Legal education has changed little in Ethiopia during this time, though the law and society have changed radically. Now, under the EPRDF a new Constitution has been adopted, a new Federal system with quite strong states has been put in place, and efforts have been made to devolve power to a level where democratic institutions effectively allow citizens to participate in, and monitor and evaluate government performance. The Ethiopian government and many donors are seeking to strengthen the rule of law throughout the country, hoping it will provide a fertile environment for human rights-based economic development. The newest stage of decentralization has been in higher education, and in legal education in particular. Thus, the question of what a law school should do resonates.
The benefits of establishing law faculties in state capitals are many: reinvigorating the main chore of producing graduates both able and willing to work everywhere in Ethiopia; providing legal education close enough for continuing education and capacity upgrading; bringing legal expertise close enough for consultation and contribution to state policy and law making; grounding legal research in regional concerns; and creating constructive interaction between the academy and practice. The challenges are also many, but the greatest is finding, training and retaining instructors.

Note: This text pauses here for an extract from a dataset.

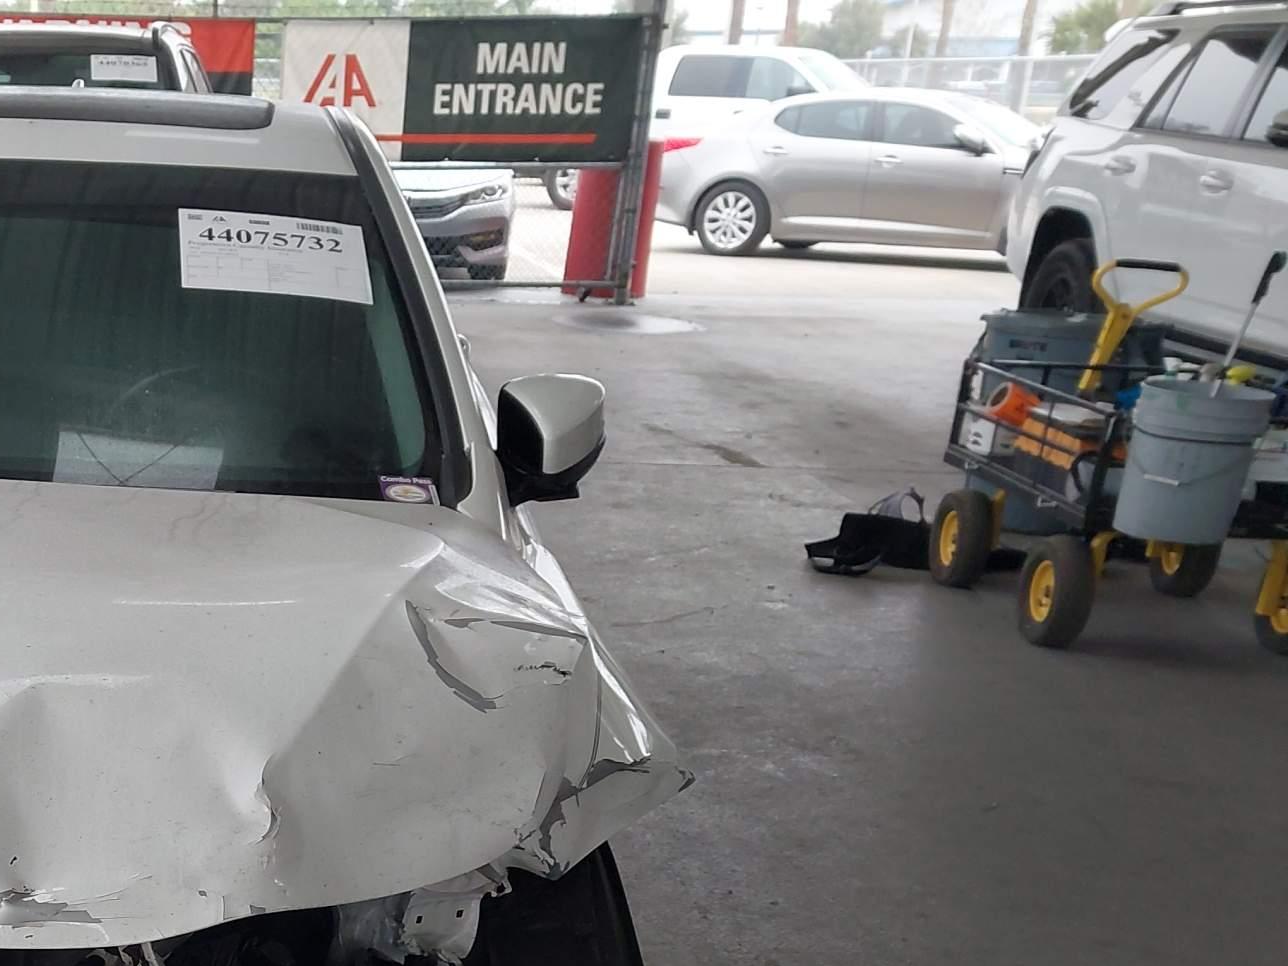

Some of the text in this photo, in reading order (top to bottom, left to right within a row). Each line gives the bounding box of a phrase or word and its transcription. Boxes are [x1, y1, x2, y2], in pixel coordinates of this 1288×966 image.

[475, 41, 567, 75] MAIN
[432, 82, 605, 115] ENTRANCE
[199, 226, 344, 254] 44075732

The strategies of the new Mekelle University Law Faculty are: rethinking the curriculum, making instruction more practical, and increasing the entry points and pathways to a law degree; reorienting and educating faculty and students through empirical research on courts, local administration, and the protection of Constitutional rights; analyzing how every part of the law interacts with economic development; collaborating with the Women's Association of Tigray to provide their half million members key legal services; exploring new State / Federal and State / State relationships; and providing consulting services to policy and law makers.